The Sanguinoso Covenus owned the entire block along Central Park West between W 101st Street and W 102nd. It was a complex of handsome mid-rises, covered in a façade of polished limestone and granite, complete with beautiful Roman-style statues at the top corners, and stone columns flanking the entrances. To the mortal world, The Hamiltonian, as the complex was called, was a combination office building and residence for some of the most mysterious and exclusive people in Manhattan. It was a popular site for tourist photo-ops and cheesy selfies, as the distinct set of buildings had been a unique feature on the island since before the Civil War. The Hamiltonian even had a highly reviewed bar, that strangely enough was closed to the public as oft as it was open.
What the public did not see was that the Hamiltonian was a veritable fortress, designed to keep out any unwanted guest, as well as every shred of sunlight. The entire complex was controlled by a cutting-edge security system that managed everything from the temperature, to the false images displayed on the outside of the windows to hide the interior, to the UV sensors that kept the window shutters locked until the sun set. It was also guarded by a select few human security personnel, most of which were members of trusted mortal families that had served the coven for generations.
Lothaire's suite, and the Great Room in which he stood, was in the tallest of the Hamiltonian buildings, and the central hub of the coven. Most of the vampires that were a part of the Sanguinoso Covenus lived within the many custom rooms of the Hamiltonian. Each member was given a space of their own upon joining the coven, and they were free to modify it to suit their tastes.
With a quick word, Lothaire opened the shutters to the Great Room. As before, the distinct light from the city that never slept filled the space as the electronic louvers spun. The interior lights automatically adjusted, bringing the room into a warm equilibrium.
His hair still wet, and slicked back across his skull, Lothaire wove his way through plush chairs and tables covered in books. The path he took led him to the "kitchen" which was nothing more than a large wet-bar in the center of the room. It held taps for blood, as well as a vast assortment of spirits.
Priorities, Lothaire thought with a smile. Even in death, one can't do without good liquor.

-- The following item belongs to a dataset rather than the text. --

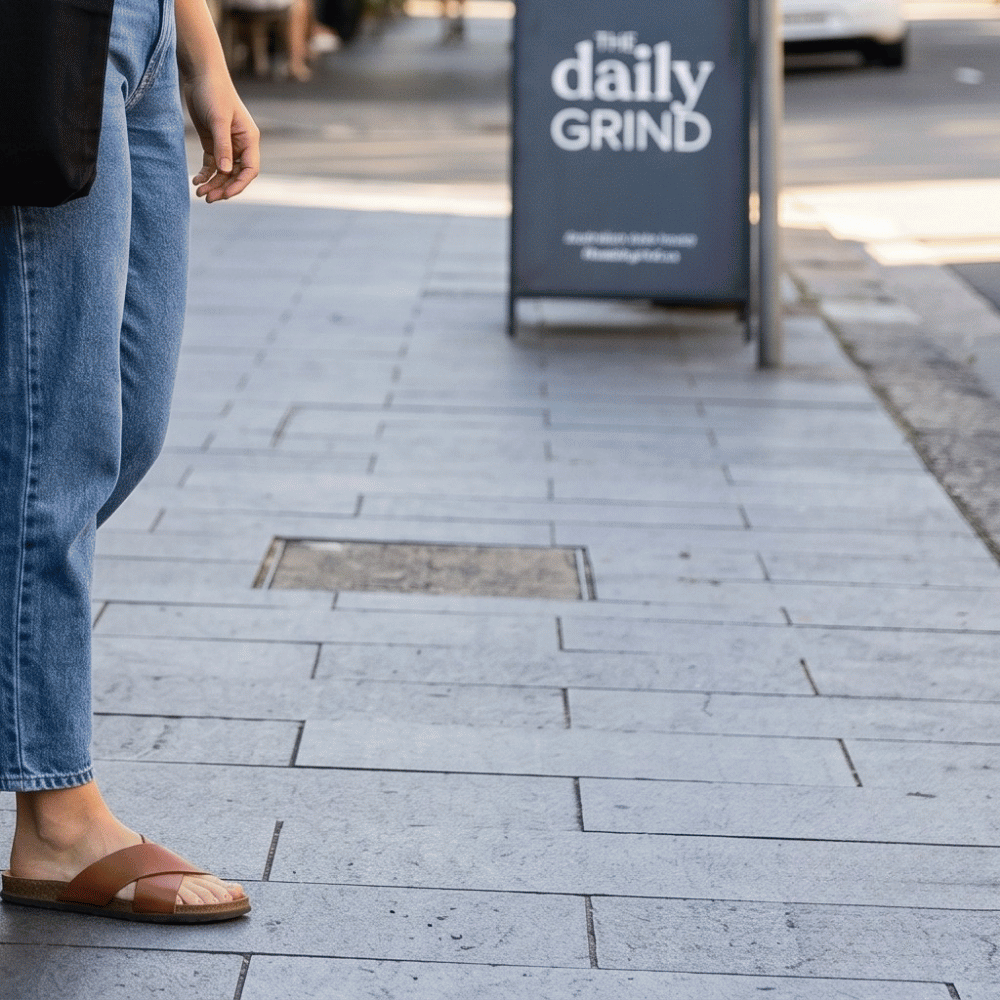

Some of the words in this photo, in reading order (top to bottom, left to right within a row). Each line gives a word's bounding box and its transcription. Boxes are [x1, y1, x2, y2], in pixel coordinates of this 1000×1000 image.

[593, 30, 638, 54] THE
[551, 39, 715, 116] daily
[550, 107, 713, 153] GRIND

As he was still the only one in the Great Room, Lothaire picked up the day's copy of the The Times, and folded it under his arm before pouring himself a tumbler of blood, as well as another glass with a finger's worth of Grey Goose vodka.
With a glass in each hand, and the paper under his arm, Lothaire intended to make his way to his favorite chair beside the windows. What he saw when he turned, however, made him stop in his tracks. There, lying upon the floor, silhouetted in the light of the windows, was the figure of a woman. Her body was contorted and frozen in the throes of agony. Through her open mouth, fangs were visible, as well as black char that seemed to crawl its way upwards from her throat. Her eye sockets were hollow and burnt, and the hair on her head looked brittle and straw-like.
Lothaire recognized instantly she wasn't a member of the Sanguinoso Covenus; he knew every one of his coven-mates on sight. This was an unknown vampire, and a complete stranger to his recollections. How she had gotten inside of the Hamiltonian, Lothaire couldn't begin to explain. But what he did know, beyond a shadow of a doubt, made his body quake, and his dead breath catch in his chest.
There, crawling up the flesh of the vampiress' neck, and running up her jaw to curl over her sunken cheeks, was an elegant and stunning array of twisting black lines.